**ASSIGNMENT**. Of the records below, reproduce only the span that opens with the line containing "this 1600×1200 image." and closes with the last line.
==*==
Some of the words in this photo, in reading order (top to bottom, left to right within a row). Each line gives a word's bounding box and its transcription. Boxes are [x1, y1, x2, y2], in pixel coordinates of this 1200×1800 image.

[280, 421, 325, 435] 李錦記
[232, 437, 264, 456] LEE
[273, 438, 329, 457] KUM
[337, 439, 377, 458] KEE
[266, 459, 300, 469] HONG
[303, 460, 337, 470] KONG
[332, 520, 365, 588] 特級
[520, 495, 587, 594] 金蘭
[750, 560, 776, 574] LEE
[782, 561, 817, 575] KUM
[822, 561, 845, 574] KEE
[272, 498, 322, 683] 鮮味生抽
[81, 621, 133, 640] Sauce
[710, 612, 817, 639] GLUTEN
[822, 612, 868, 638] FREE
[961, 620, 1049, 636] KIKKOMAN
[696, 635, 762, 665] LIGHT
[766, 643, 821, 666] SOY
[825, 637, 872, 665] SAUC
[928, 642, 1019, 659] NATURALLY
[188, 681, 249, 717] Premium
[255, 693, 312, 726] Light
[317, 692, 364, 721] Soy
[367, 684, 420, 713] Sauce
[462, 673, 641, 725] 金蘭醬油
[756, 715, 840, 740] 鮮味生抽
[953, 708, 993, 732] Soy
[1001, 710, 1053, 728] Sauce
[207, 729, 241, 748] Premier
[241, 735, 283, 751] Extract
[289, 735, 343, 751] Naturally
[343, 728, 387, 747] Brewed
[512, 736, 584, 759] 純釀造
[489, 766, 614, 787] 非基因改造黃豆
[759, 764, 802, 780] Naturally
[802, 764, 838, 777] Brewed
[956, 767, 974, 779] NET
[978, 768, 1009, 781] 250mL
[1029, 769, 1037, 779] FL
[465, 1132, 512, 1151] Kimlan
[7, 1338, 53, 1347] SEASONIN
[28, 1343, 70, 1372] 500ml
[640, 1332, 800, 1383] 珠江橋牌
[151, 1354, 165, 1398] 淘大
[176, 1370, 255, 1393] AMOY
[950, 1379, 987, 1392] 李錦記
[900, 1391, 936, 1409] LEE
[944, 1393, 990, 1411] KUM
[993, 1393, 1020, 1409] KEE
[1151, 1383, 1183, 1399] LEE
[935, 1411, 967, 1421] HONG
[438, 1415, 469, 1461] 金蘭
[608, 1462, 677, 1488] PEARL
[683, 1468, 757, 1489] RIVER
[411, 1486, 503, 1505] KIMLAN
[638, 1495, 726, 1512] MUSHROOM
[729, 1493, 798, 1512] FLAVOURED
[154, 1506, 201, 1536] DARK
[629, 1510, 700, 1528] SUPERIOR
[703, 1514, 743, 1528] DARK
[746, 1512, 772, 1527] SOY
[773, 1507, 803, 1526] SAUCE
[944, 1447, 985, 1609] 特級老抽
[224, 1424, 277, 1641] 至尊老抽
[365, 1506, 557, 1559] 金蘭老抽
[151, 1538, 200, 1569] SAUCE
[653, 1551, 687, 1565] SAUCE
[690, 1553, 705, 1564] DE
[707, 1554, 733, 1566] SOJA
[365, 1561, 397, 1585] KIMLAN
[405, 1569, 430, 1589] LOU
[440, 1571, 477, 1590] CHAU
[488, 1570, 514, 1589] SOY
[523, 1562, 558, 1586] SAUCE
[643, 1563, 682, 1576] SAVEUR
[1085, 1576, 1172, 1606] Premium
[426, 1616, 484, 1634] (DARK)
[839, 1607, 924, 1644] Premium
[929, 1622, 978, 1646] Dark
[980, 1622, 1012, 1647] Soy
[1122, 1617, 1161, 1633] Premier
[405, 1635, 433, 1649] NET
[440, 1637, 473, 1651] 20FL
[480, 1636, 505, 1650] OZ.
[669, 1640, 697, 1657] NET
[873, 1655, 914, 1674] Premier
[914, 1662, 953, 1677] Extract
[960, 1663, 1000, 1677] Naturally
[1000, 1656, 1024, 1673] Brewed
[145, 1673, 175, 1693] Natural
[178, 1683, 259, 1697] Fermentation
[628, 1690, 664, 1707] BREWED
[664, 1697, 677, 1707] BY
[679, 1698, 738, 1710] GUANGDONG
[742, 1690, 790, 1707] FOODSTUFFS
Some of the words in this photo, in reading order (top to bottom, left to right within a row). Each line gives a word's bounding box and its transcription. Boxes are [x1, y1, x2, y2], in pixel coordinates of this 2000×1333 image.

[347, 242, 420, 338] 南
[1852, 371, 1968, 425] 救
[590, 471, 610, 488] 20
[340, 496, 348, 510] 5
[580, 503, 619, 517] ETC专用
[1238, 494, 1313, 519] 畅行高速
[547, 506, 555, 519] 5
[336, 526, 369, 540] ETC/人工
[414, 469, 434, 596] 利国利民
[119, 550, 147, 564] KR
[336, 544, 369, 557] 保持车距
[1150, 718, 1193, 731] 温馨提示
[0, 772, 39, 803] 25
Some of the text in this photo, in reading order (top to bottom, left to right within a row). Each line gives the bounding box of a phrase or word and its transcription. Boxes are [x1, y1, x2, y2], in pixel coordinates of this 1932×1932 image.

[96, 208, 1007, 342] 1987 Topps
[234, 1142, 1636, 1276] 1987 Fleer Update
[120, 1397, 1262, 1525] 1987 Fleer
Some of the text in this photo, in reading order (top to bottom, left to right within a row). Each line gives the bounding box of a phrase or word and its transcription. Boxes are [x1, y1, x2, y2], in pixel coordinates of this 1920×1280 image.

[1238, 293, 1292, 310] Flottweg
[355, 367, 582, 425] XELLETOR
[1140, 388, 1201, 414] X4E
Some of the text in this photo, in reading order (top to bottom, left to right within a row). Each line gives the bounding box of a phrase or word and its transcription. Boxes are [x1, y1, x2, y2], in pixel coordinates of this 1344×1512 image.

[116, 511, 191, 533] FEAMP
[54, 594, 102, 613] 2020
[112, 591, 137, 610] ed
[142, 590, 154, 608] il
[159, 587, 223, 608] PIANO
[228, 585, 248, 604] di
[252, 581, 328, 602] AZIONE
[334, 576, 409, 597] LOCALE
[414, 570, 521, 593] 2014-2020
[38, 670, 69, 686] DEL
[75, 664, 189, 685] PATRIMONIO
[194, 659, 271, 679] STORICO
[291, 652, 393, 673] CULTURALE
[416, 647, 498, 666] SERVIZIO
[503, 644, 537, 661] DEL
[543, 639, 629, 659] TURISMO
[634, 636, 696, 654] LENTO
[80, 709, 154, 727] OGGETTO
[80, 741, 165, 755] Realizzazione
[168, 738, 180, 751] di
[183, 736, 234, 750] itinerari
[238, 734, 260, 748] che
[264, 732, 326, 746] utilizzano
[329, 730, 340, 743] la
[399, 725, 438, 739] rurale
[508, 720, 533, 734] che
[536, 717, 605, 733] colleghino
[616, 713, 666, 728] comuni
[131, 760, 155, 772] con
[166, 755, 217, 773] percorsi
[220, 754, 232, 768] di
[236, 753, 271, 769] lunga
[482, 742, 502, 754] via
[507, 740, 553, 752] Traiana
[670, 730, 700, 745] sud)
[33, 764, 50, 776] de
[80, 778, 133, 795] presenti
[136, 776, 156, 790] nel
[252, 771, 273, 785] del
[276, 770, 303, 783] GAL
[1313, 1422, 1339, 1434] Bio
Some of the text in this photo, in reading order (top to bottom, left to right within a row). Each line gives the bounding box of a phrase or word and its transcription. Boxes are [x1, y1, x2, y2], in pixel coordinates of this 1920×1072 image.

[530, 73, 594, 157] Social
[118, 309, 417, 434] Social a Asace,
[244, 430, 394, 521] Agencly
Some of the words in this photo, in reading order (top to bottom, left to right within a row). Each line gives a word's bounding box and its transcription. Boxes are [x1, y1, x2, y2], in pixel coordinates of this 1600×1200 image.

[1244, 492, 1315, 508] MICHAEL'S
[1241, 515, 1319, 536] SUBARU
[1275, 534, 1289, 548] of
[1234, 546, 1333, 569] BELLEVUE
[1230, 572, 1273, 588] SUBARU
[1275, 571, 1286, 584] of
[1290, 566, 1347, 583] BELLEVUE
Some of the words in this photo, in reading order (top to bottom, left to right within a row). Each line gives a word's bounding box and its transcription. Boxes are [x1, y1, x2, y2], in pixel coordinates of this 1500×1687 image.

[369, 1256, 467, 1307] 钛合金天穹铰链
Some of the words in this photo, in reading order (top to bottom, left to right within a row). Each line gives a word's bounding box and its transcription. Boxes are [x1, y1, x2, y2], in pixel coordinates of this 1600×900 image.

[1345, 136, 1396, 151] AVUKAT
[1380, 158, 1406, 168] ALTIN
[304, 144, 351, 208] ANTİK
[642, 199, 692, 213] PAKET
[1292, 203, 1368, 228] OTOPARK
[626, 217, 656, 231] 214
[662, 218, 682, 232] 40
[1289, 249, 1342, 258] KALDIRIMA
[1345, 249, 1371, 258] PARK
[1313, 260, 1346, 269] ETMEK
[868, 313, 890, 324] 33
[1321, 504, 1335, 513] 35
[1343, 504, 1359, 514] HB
==*==
**SOLVED PROBLEM**.
Some of the words in this photo, in reading order (top to bottom, left to right within a row). Each line gives a word's bounding box and its transcription. Boxes are [x1, y1, x2, y2], in pixel coordinates of this 1600×1200 image.

[1244, 492, 1315, 508] MICHAEL'S
[1241, 515, 1319, 536] SUBARU
[1275, 534, 1289, 548] of
[1234, 546, 1333, 569] BELLEVUE
[1230, 572, 1273, 588] SUBARU
[1275, 571, 1286, 584] of
[1290, 566, 1347, 583] BELLEVUE
Some of the words in this photo, in reading order (top to bottom, left to right within a row). Each line gives a word's bounding box and its transcription. Boxes are [x1, y1, x2, y2], in pixel coordinates of this 1500×1687 image.

[369, 1256, 467, 1307] 钛合金天穹铰链
Some of the words in this photo, in reading order (top to bottom, left to right within a row). Each line gives a word's bounding box and its transcription. Boxes are [x1, y1, x2, y2], in pixel coordinates of this 1600×900 image.

[1345, 136, 1396, 151] AVUKAT
[1380, 158, 1406, 168] ALTIN
[304, 144, 351, 208] ANTİK
[642, 199, 692, 213] PAKET
[1292, 203, 1368, 228] OTOPARK
[626, 217, 656, 231] 214
[662, 218, 682, 232] 40
[1289, 249, 1342, 258] KALDIRIMA
[1345, 249, 1371, 258] PARK
[1313, 260, 1346, 269] ETMEK
[868, 313, 890, 324] 33
[1321, 504, 1335, 513] 35
[1343, 504, 1359, 514] HB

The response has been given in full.